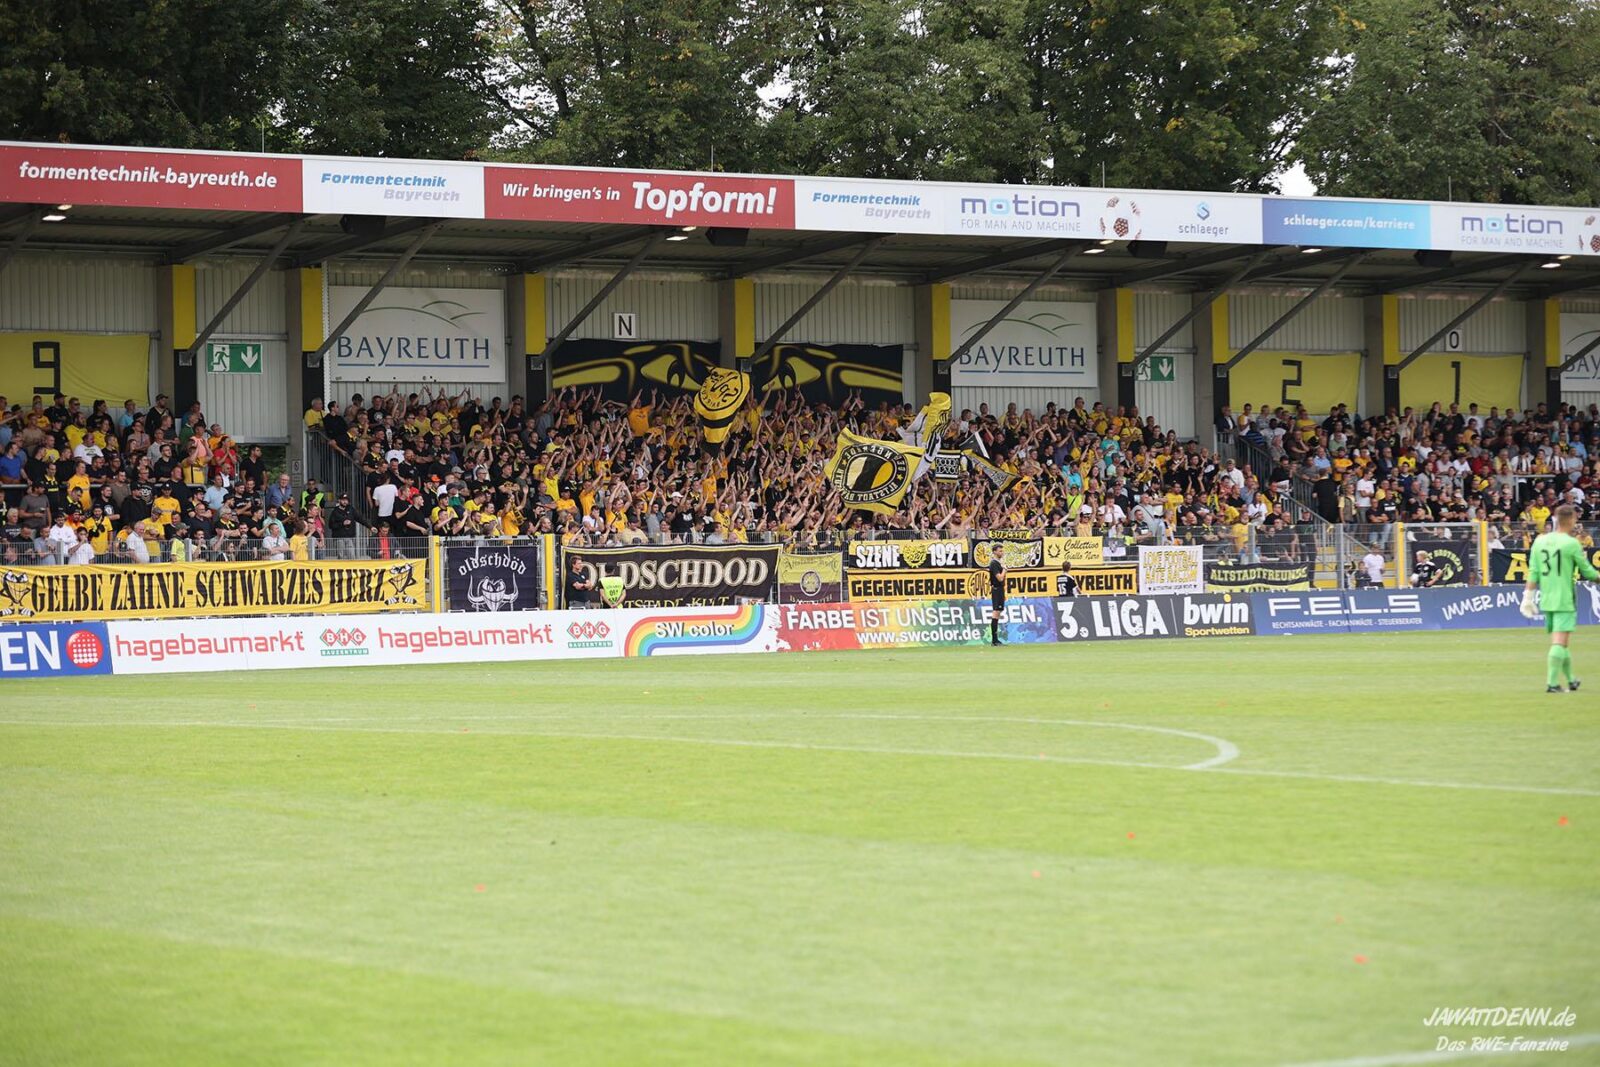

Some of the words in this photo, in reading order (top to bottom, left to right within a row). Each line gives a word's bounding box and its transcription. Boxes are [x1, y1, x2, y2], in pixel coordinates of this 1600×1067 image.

[19, 161, 278, 190] formentechnik-bayreuth.de
[320, 172, 446, 188] Formentechnik
[383, 188, 461, 203] Bayreuth
[502, 182, 529, 198] Wir
[605, 186, 621, 201] in
[632, 181, 777, 219] Topform!
[812, 191, 921, 207] Formentechnik
[961, 194, 1081, 218] motion
[864, 206, 932, 220] Bayreuth
[1283, 213, 1416, 231] schlaeger.com/karriere
[1461, 213, 1563, 235] motion
[961, 219, 981, 230] FOR
[984, 219, 1007, 231] MAN
[1011, 219, 1033, 231] AND
[1036, 220, 1081, 233] MACHINE
[1178, 223, 1229, 237] schlaeger
[1461, 236, 1478, 246] FOR
[1482, 237, 1501, 247] MAN
[1504, 237, 1522, 248] AND
[1525, 238, 1564, 249] MACHINE
[617, 313, 633, 338] N
[32, 341, 61, 396] 9
[1281, 359, 1302, 405] 2
[856, 544, 901, 568] SZENE
[927, 543, 963, 567] 1921
[1541, 549, 1561, 577] 31
[32, 574, 104, 612] GELBE
[329, 568, 386, 603] HERZ
[851, 577, 966, 597] GEGENGERADE
[1006, 576, 1048, 594] PVGG
[1057, 573, 1134, 592] YREUTH
[1183, 594, 1249, 625] bwin
[1268, 594, 1421, 617] F.E.L.S
[1442, 594, 1494, 621] IMMER
[1496, 591, 1521, 607] AM
[655, 621, 685, 639] SW
[689, 620, 734, 637] color
[787, 608, 856, 630] FARBE
[860, 608, 892, 628] IST
[897, 606, 965, 627] UNSER
[1056, 602, 1090, 639] 3.
[1091, 599, 1169, 637] LIGA
[324, 631, 364, 644] BHG
[378, 622, 553, 653] hagebaumarkt
[571, 624, 609, 637] BHG
[856, 626, 981, 644] www.swcolor.de
[1184, 627, 1250, 638] Sportwetten
[0, 630, 62, 672] EN
[115, 630, 305, 662] hagebaumarkt
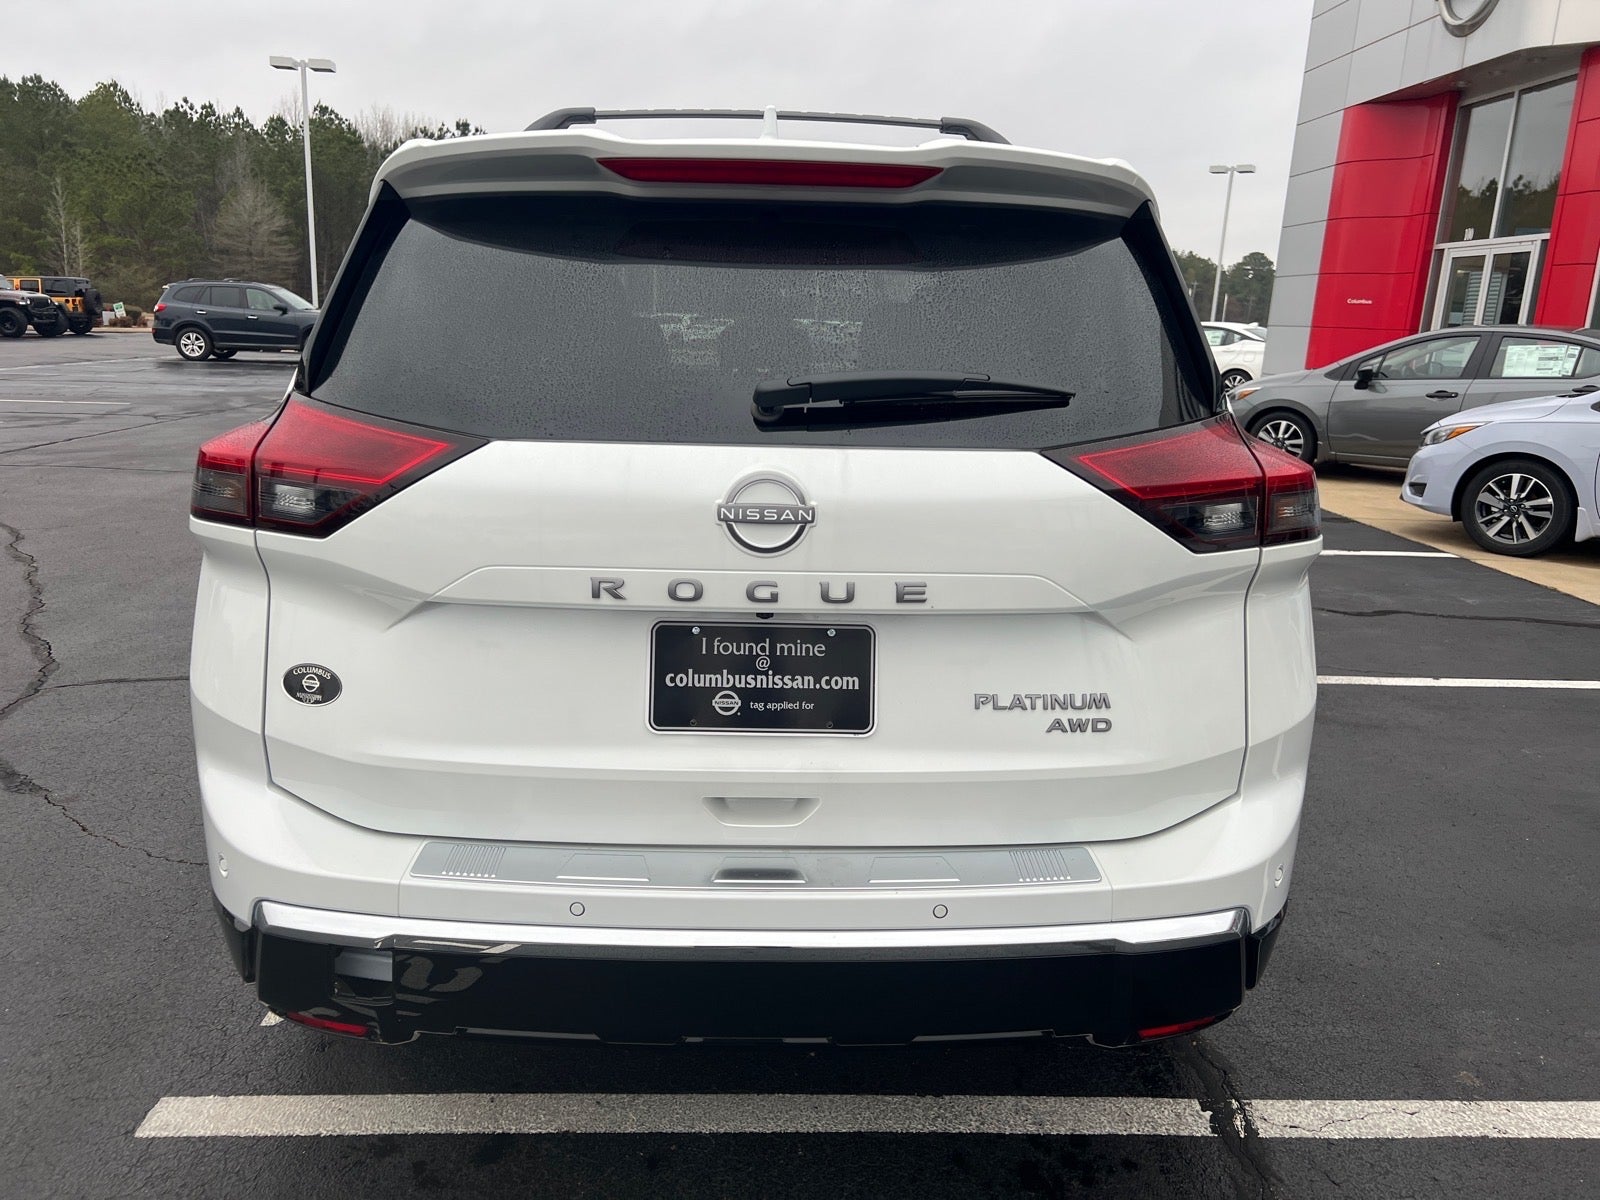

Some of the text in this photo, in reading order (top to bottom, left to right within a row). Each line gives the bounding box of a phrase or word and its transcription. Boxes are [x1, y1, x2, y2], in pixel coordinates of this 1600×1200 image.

[720, 506, 813, 522] NISSAN
[590, 576, 928, 604] ROGUE
[701, 637, 826, 657] I found mine
[755, 655, 771, 671] @
[293, 667, 331, 679] COLUMBUS
[665, 668, 860, 690] columbusnissan.com
[749, 700, 815, 711] tag applied for
[974, 692, 1112, 711] PLATINUM
[1045, 717, 1113, 733] AWD
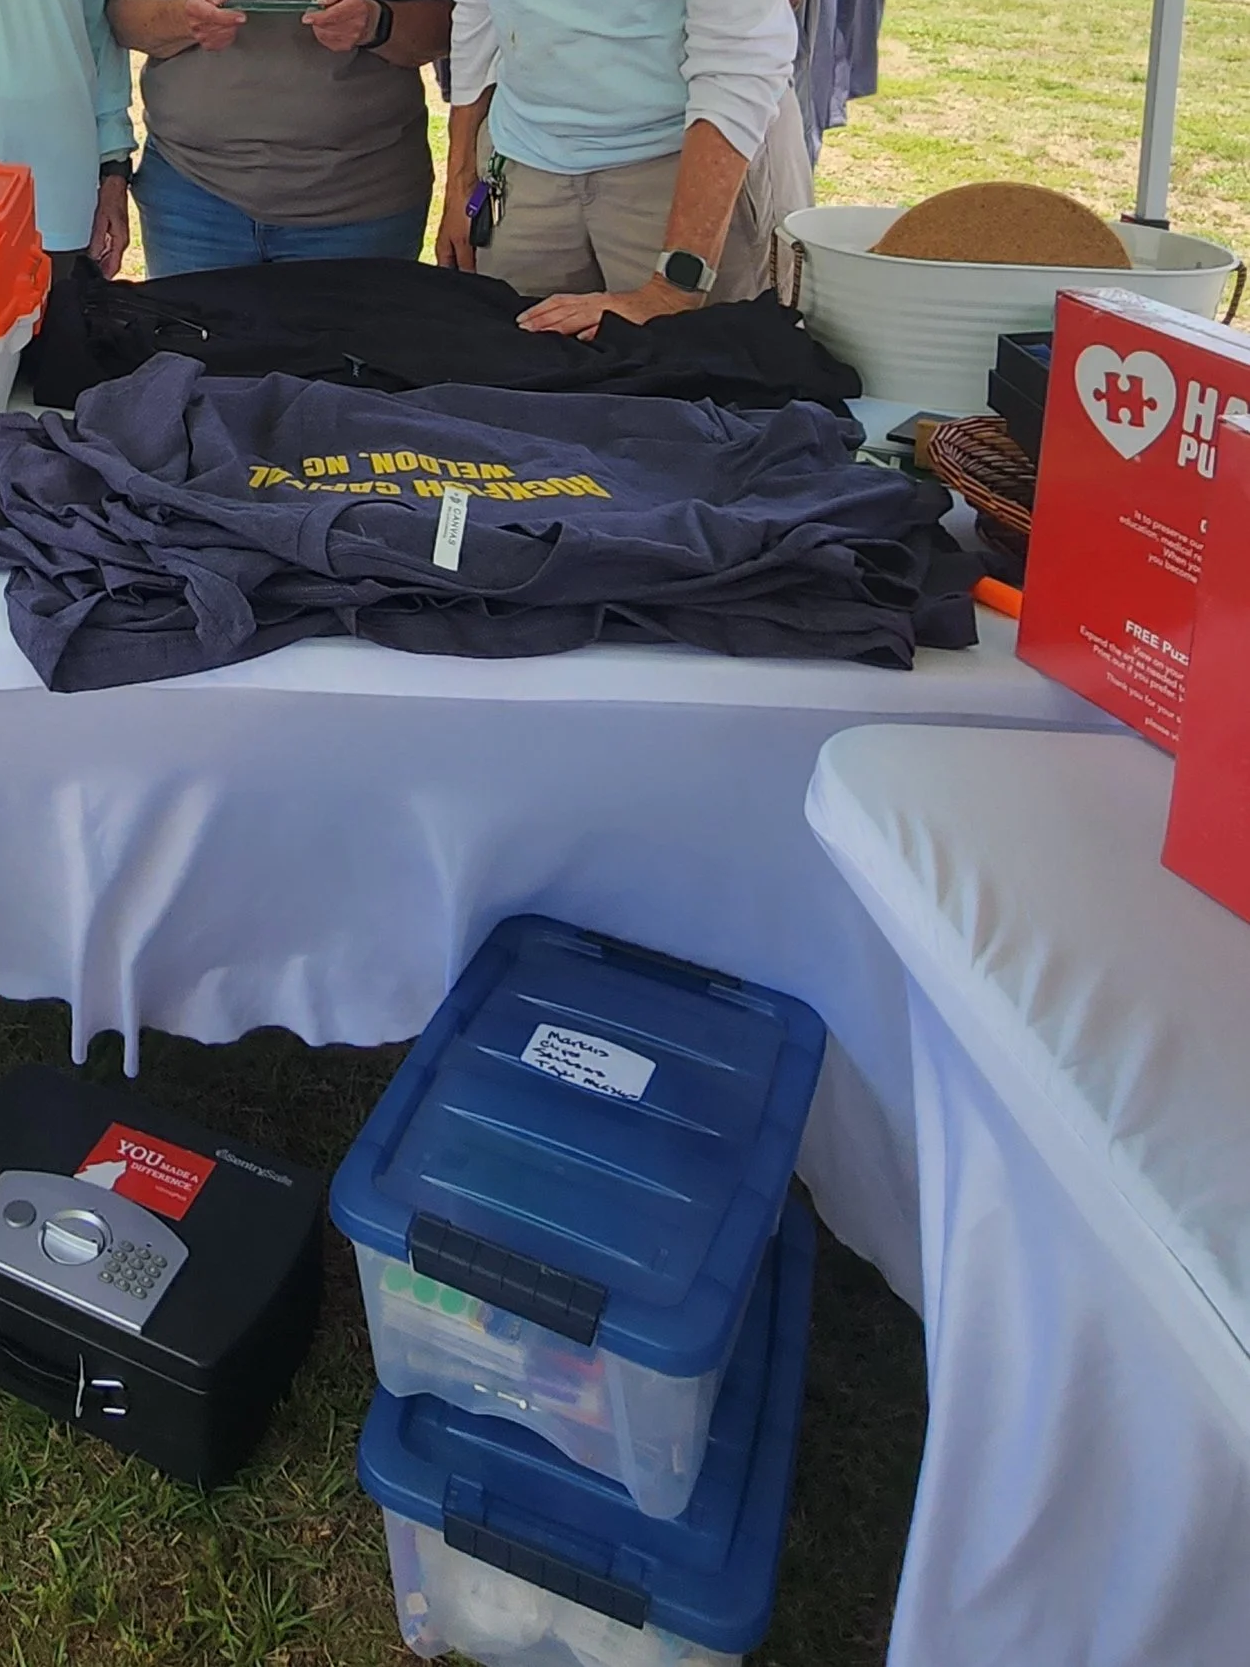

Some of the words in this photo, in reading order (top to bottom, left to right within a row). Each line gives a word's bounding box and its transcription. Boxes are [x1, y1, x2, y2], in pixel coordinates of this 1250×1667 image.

[302, 454, 350, 477] NC
[1142, 514, 1152, 526] to
[1152, 520, 1189, 544] preserve
[1189, 538, 1205, 551] our
[1160, 536, 1193, 558] medical
[1148, 553, 1164, 567] you
[1164, 559, 1199, 585] become
[1163, 546, 1187, 567] When
[1079, 624, 1109, 649] Expand
[1108, 642, 1123, 657] the
[1146, 665, 1178, 690] needed
[1125, 619, 1160, 650] FREE
[1162, 640, 1191, 667] Puz
[1093, 643, 1112, 662] Print
[1111, 657, 1127, 671] out
[1134, 669, 1150, 685] you
[1152, 657, 1165, 670] on
[1106, 671, 1129, 692] Thank
[1129, 686, 1144, 702] you
[1144, 694, 1157, 709] for
[1157, 704, 1176, 720] your
[1144, 716, 1171, 737] please
[117, 1138, 165, 1167] YOU
[159, 1161, 191, 1181] MADE
[190, 1174, 200, 1184] A
[226, 1152, 294, 1188] SentrySafe
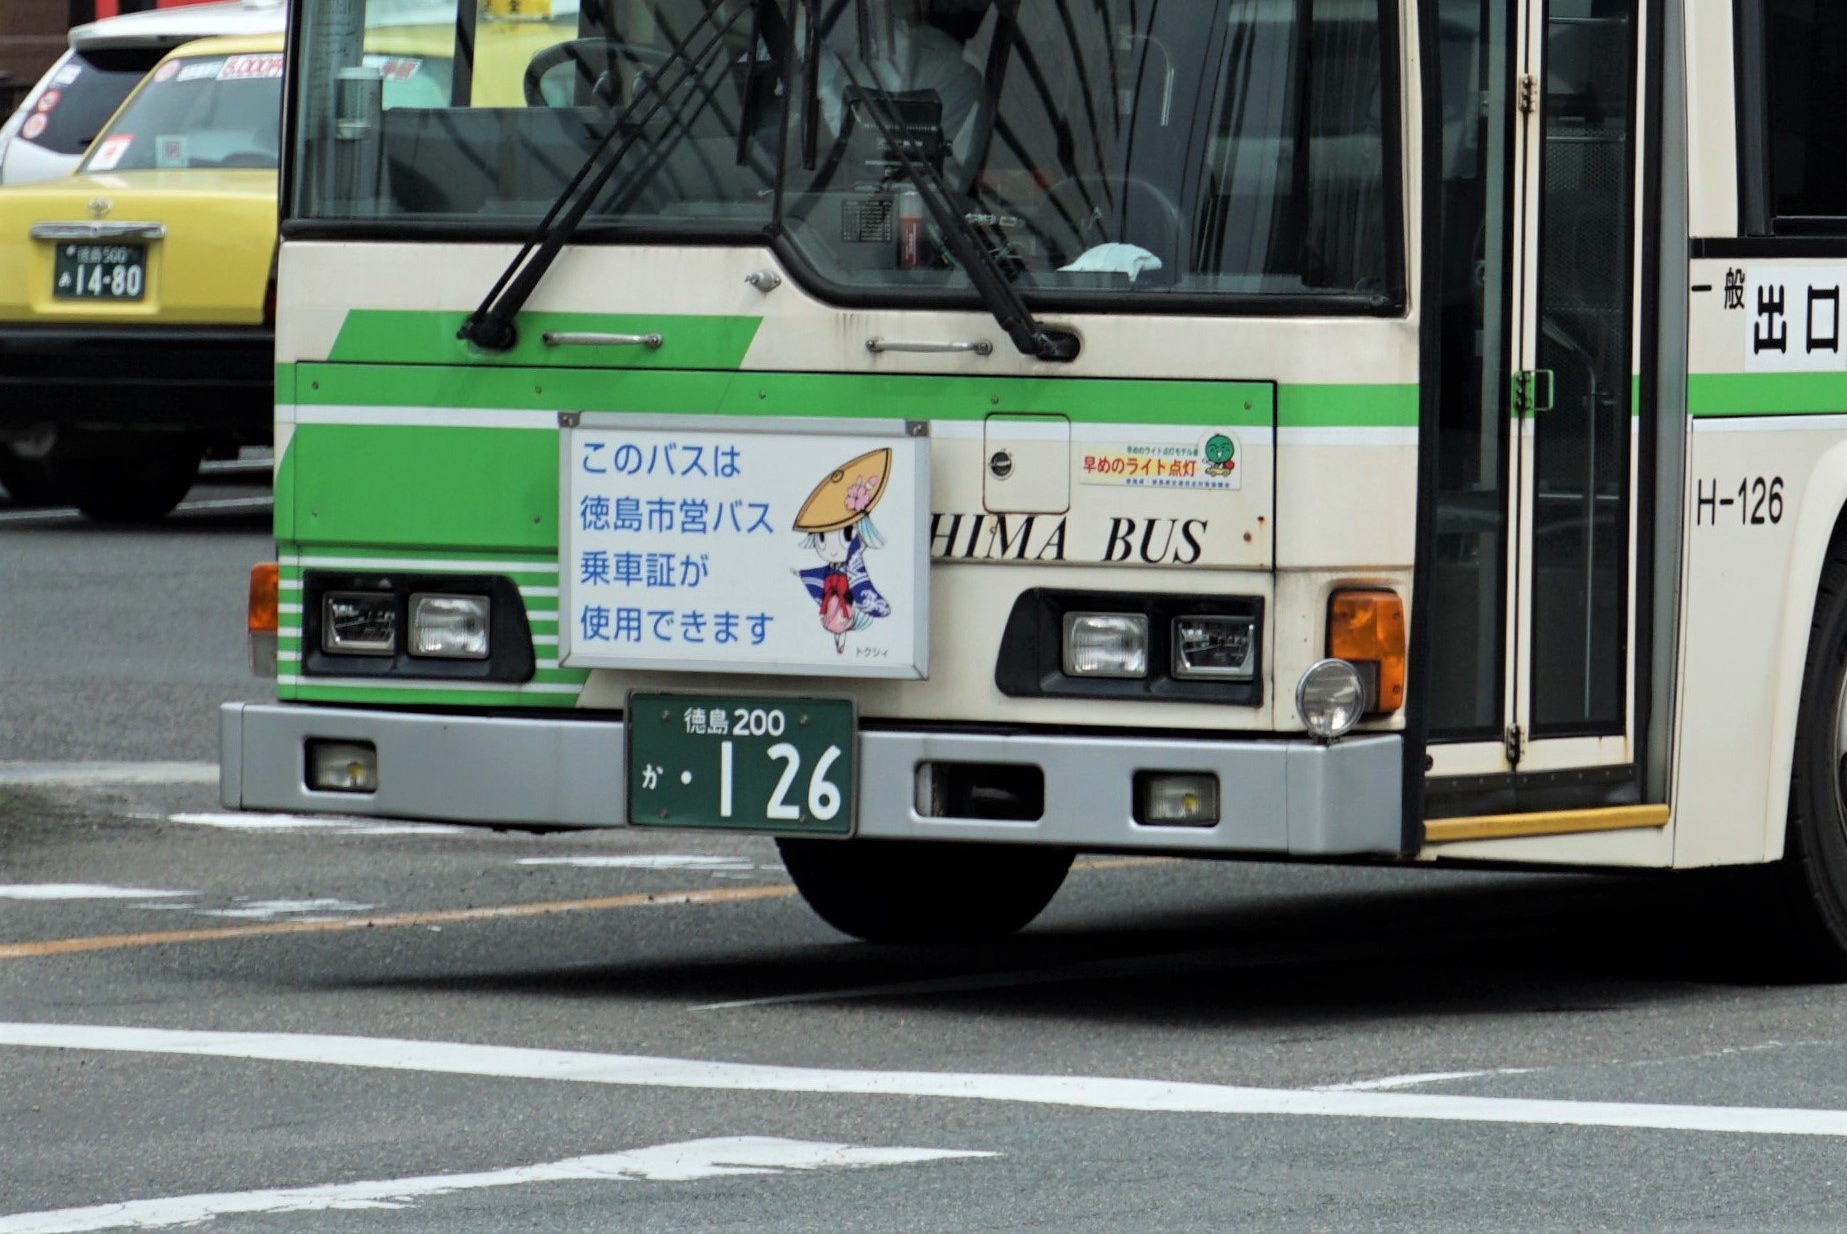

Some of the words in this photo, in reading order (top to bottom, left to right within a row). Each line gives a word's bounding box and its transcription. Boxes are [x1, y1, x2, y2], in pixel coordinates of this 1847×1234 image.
********
(Task statement): Return the listing above unchanged, apart from dropping its pictures.

(Expected answer):
Some of the words in this photo, in reading order (top to bottom, left to right within a row). Each line gives a word's bounding box and its transcription. Boxes are [x1, y1, x2, y2], in pixel coordinates of this 1600×1067 image.

[19, 161, 278, 190] formentechnik-bayreuth.de
[320, 172, 446, 188] Formentechnik
[383, 188, 461, 203] Bayreuth
[502, 182, 529, 198] Wir
[605, 186, 621, 201] in
[632, 181, 777, 219] Topform!
[812, 191, 921, 207] Formentechnik
[961, 194, 1081, 218] motion
[864, 206, 932, 220] Bayreuth
[1283, 213, 1416, 231] schlaeger.com/karriere
[1461, 213, 1563, 235] motion
[961, 219, 981, 230] FOR
[984, 219, 1007, 231] MAN
[1011, 219, 1033, 231] AND
[1036, 220, 1081, 233] MACHINE
[1178, 223, 1229, 237] schlaeger
[1461, 236, 1478, 246] FOR
[1482, 237, 1501, 247] MAN
[1504, 237, 1522, 248] AND
[1525, 238, 1564, 249] MACHINE
[617, 313, 633, 338] N
[32, 341, 61, 396] 9
[1281, 359, 1302, 405] 2
[856, 544, 901, 568] SZENE
[927, 543, 963, 567] 1921
[1541, 549, 1561, 577] 31
[32, 574, 104, 612] GELBE
[329, 568, 386, 603] HERZ
[851, 577, 966, 597] GEGENGERADE
[1006, 576, 1048, 594] PVGG
[1057, 573, 1134, 592] YREUTH
[1183, 594, 1249, 625] bwin
[1268, 594, 1421, 617] F.E.L.S
[1442, 594, 1494, 621] IMMER
[1496, 591, 1521, 607] AM
[655, 621, 685, 639] SW
[689, 620, 734, 637] color
[787, 608, 856, 630] FARBE
[860, 608, 892, 628] IST
[897, 606, 965, 627] UNSER
[1056, 602, 1090, 639] 3.
[1091, 599, 1169, 637] LIGA
[324, 631, 364, 644] BHG
[378, 622, 553, 653] hagebaumarkt
[571, 624, 609, 637] BHG
[856, 626, 981, 644] www.swcolor.de
[1184, 627, 1250, 638] Sportwetten
[0, 630, 62, 672] EN
[115, 630, 305, 662] hagebaumarkt

Some of the text in this photo, in reading order (top to bottom, left to right within a row). Each line gives the bounding box of a phrase or word and its transcription. Boxes are [x1, y1, x2, y2], in pixel coordinates of this 1600×1200 image.

[720, 506, 813, 522] NISSAN
[590, 576, 928, 604] ROGUE
[701, 637, 826, 657] I found mine
[755, 655, 771, 671] @
[293, 667, 331, 679] COLUMBUS
[665, 668, 860, 690] columbusnissan.com
[749, 700, 815, 711] tag applied for
[974, 692, 1112, 711] PLATINUM
[1045, 717, 1113, 733] AWD

Some of the words in this photo, in reading order (top to bottom, left to right within a row). Each line gives a word's bounding box and its transcription. Boxes are [x1, y1, x2, y2], in pixel coordinates of this 1250×1667 image.

[302, 454, 350, 477] NC
[1142, 514, 1152, 526] to
[1152, 520, 1189, 544] preserve
[1189, 538, 1205, 551] our
[1160, 536, 1193, 558] medical
[1148, 553, 1164, 567] you
[1164, 559, 1199, 585] become
[1163, 546, 1187, 567] When
[1079, 624, 1109, 649] Expand
[1108, 642, 1123, 657] the
[1146, 665, 1178, 690] needed
[1125, 619, 1160, 650] FREE
[1162, 640, 1191, 667] Puz
[1093, 643, 1112, 662] Print
[1111, 657, 1127, 671] out
[1134, 669, 1150, 685] you
[1152, 657, 1165, 670] on
[1106, 671, 1129, 692] Thank
[1129, 686, 1144, 702] you
[1144, 694, 1157, 709] for
[1157, 704, 1176, 720] your
[1144, 716, 1171, 737] please
[117, 1138, 165, 1167] YOU
[159, 1161, 191, 1181] MADE
[190, 1174, 200, 1184] A
[226, 1152, 294, 1188] SentrySafe

Some of the words in this photo, in reading order (top to bottom, left to right within a row). Each line gives a word's bounding box and its transcription. Boxes are [x1, y1, x2, y2], in pixel coordinates of this 1847×1234 image.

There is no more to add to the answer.